After the ceremony we took a few photos of the monument:

I like the above photo because so often, people want a photo of the monument with no one else in it. This photo packed full of people just shows exactly what we’re meant to do – Lest We Forget. Every WWI veteran is long gone, but we’re all still honouring the ones who died in battle and the ones who came home. Look how many people still remember and won’t forget. To remember is an active verb and I like how this photo illustrates just that at Vimy Ridge on 9 April.

After the ceremony, we finally got to go to the Visitor’s Centre. It isn’t very big, but it is a beautiful centre with some very interesting content.

It is full of info about how the soldiers lived, the trenches, who they left behind, and why they were so willing to fight. Great little museum.

After the visitor’s centre, we went back in to Arras for a siesta and dinner.

It was Sophie’s turn to choose dinner and she stuck with our patriotic theme for the day and wanted to go to the Canadian Poutine restaurant we had seen the day before.

We had a nice quick dinner of fries covered in cheese and gravy (which Eric and Sophie totally loved because they hadn’t had poutine in like 2 years) and then back out to Vimy for 2030h.
Vimy was putting on an evening ‘video mapping’ event.
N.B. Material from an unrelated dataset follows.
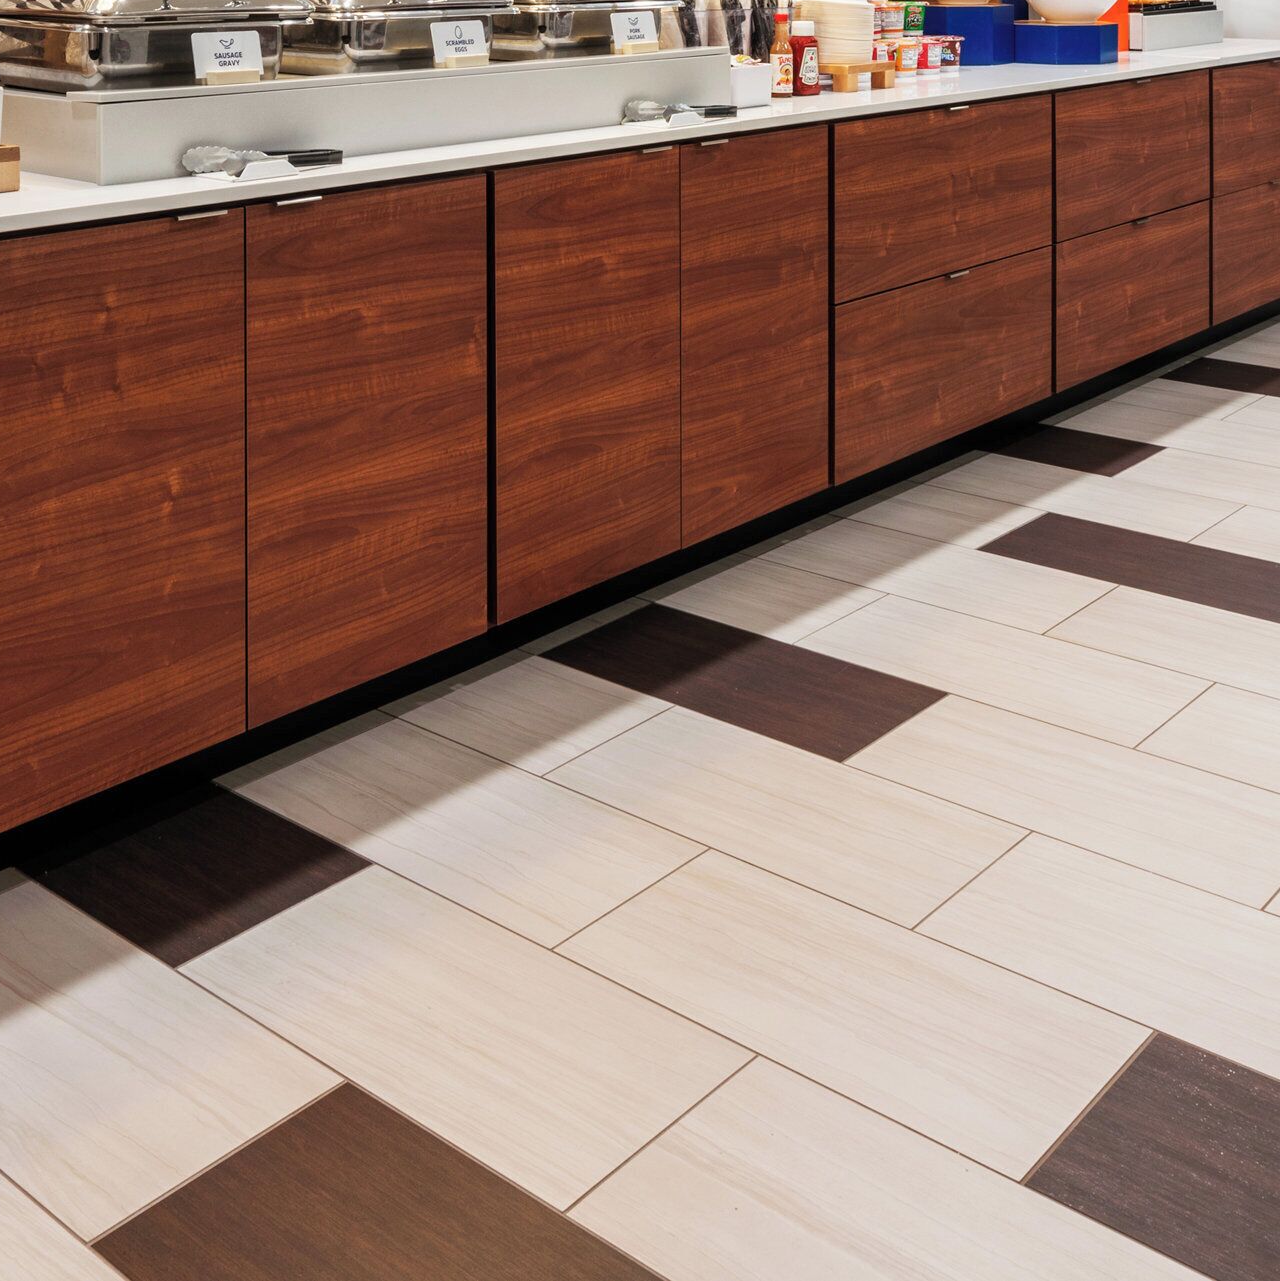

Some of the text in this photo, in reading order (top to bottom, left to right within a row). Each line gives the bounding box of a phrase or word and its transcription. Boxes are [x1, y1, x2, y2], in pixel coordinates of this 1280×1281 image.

[445, 38, 475, 47] SCRAMBLED
[214, 51, 243, 60] SAUSAGE
[218, 59, 240, 67] GRAVY
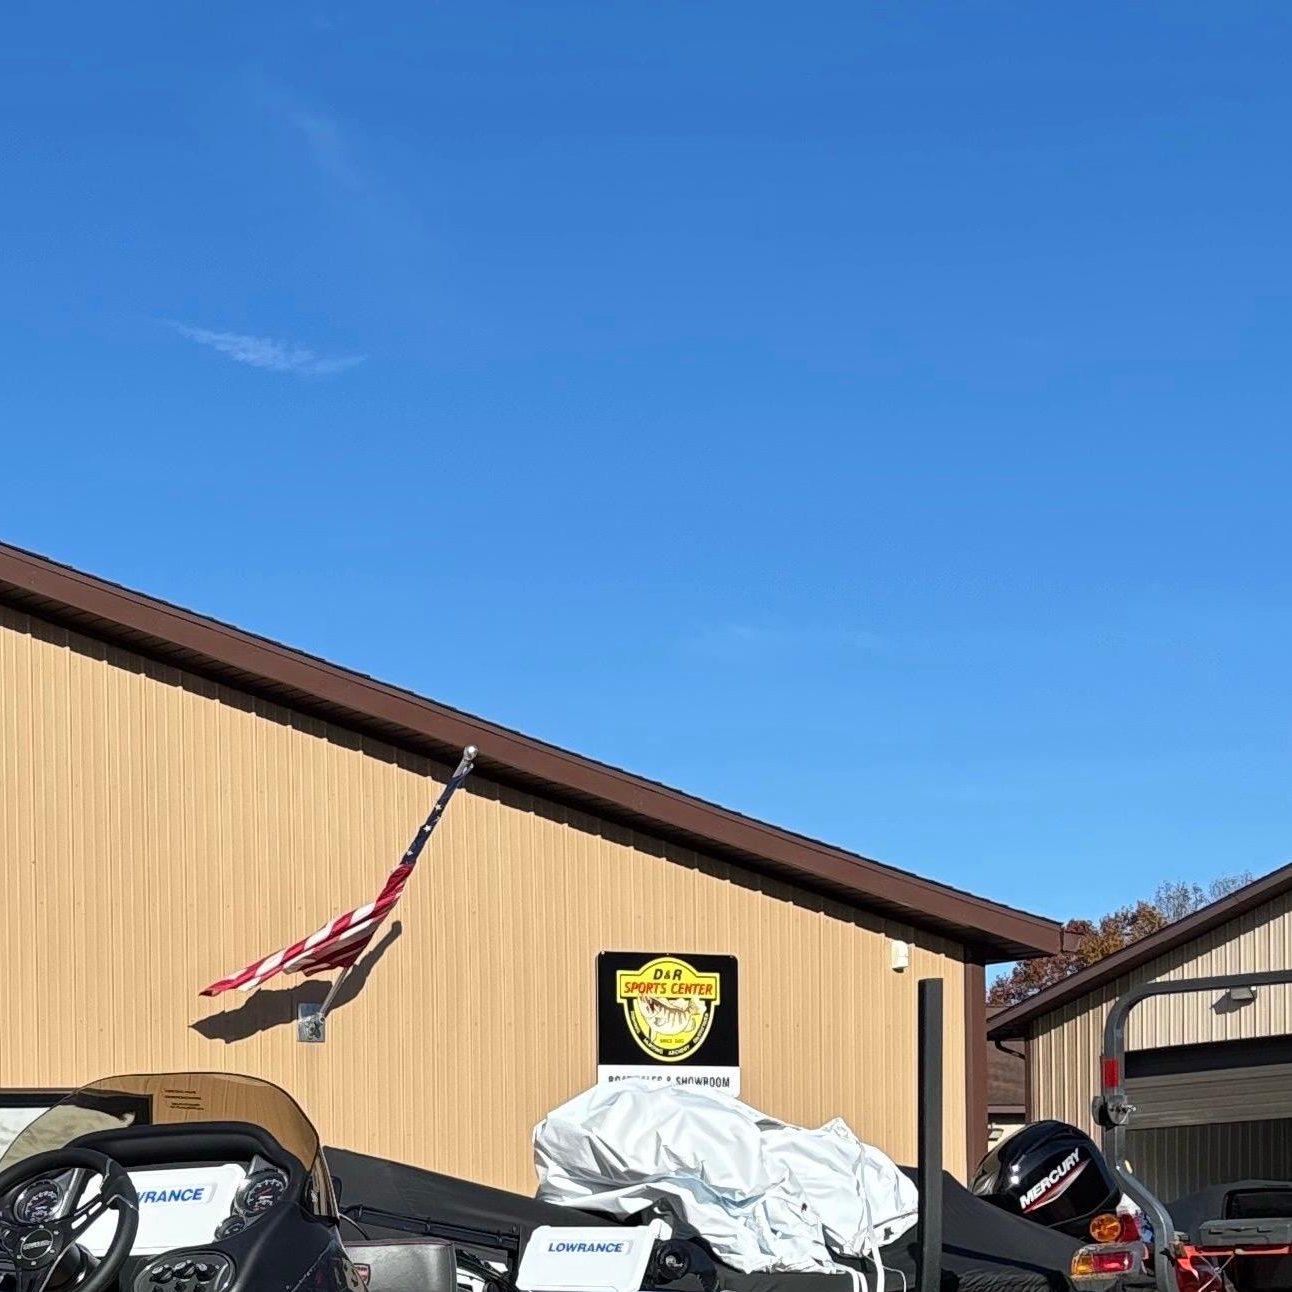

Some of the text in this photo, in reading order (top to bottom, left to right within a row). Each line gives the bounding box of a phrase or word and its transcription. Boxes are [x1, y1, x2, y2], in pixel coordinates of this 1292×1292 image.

We weren’t told much of it (despite asking) but it was some sort of video projection about Vimy on the side of the building and only for a few nights. They were very proud of it and we thought, well we’re here and it’s only 15 minutes away.

We sat at Vimy and watched the sun go down over the shell-pocked fields.
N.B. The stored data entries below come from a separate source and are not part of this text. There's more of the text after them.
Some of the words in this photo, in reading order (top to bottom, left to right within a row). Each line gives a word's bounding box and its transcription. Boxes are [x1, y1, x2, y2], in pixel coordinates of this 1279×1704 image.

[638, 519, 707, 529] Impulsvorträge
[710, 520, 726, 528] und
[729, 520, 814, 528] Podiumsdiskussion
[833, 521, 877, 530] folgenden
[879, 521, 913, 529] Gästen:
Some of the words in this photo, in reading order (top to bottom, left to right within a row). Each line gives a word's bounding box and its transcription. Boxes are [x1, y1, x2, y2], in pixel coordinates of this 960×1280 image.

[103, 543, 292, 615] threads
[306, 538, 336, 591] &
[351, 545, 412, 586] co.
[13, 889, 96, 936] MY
When the video projection came on (when it was finally dark), we were actually really impressed. They had colourised the photos and even animated some of them – some of the photos showed a soldier sort of waving, or limping, or a stretcher with a soldier swaying. It was really neat. It talked about when war broke out, the boys at home in Canada signing up to fight, thinking it will be over by Christmas. It talked about the dreariness once they learned the realities of war and trenches. It showed how nursing sisters were some of the bravest heroes of the war – willing to be near all the shelling, gas attacks, see the horrific carnage– all while never brandishing their own weapon. There also were some wonderful photos of 9 April 1917, the actual assault on Vimy Ridge and just afterwards.
When we had watched the 20 minute video, it was really dark by then and we could see the Vimy monument lit up, and she looked spectacular. So we decided to drive over and see it at nighttime.
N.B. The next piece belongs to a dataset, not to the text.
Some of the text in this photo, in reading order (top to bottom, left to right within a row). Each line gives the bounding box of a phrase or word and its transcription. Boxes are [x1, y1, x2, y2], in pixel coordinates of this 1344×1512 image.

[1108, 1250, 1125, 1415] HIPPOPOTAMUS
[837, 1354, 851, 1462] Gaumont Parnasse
I left Vimy feeling overwhelmed and just so grateful. Grateful for my nation’s forefathers who fought for us, grateful for their victory, overwhelmed with sadness at the immense loss of the war and all the wars since…. It’s just, a lot.

The next day we were still booked in to our hotel in Arras so we had planned to see more WWI memorials such as Beaumont-Hamel, but unfortunately fate had other plans…
Around 0200h, suddenly Eric woke up sick. He was violently sick all night and into the morning. We knew then that the day’s plans were wiped. Sophie and I took our meals together in restaurants and we walked around town a little bit in the sun while Eric laid in bed, half comatose. At this point, we had no idea if this illness was food poisoning or a noro-type virus that would then attack both Sophie and me and ruin the rest of our week. We were nervous.
Well, spoiler alert— now as I write this, it is 5 days later and we know for sure that it was just Eric. The only thing that he alone ate and Sophie and I didn’t was our picnic lunch at Vimy- – – he had a baguette with chicken and egg. Sophie and I both had ham. We have to assume that was the culprit. In my almost 18 years of knowing Eric, I have been that sick at least 10-12 times, but I have never, ever seen him get that sick. It was awful. He has an iron stomach, so I am just glad that it was him who got it because it probably would have landed me in the hospital! And a vomiting illness with Sophie’s diabetes would have likely landed her in the hospital too— so I suppose we got lucky?

So this blog post ends after telling you really just about one day, Vimy Day. But wasn’t it an amazing day?
The next day, we left Arras for Belgium— I’ll leave that for the next blog post because I’ve talked your ear off enough for one post here.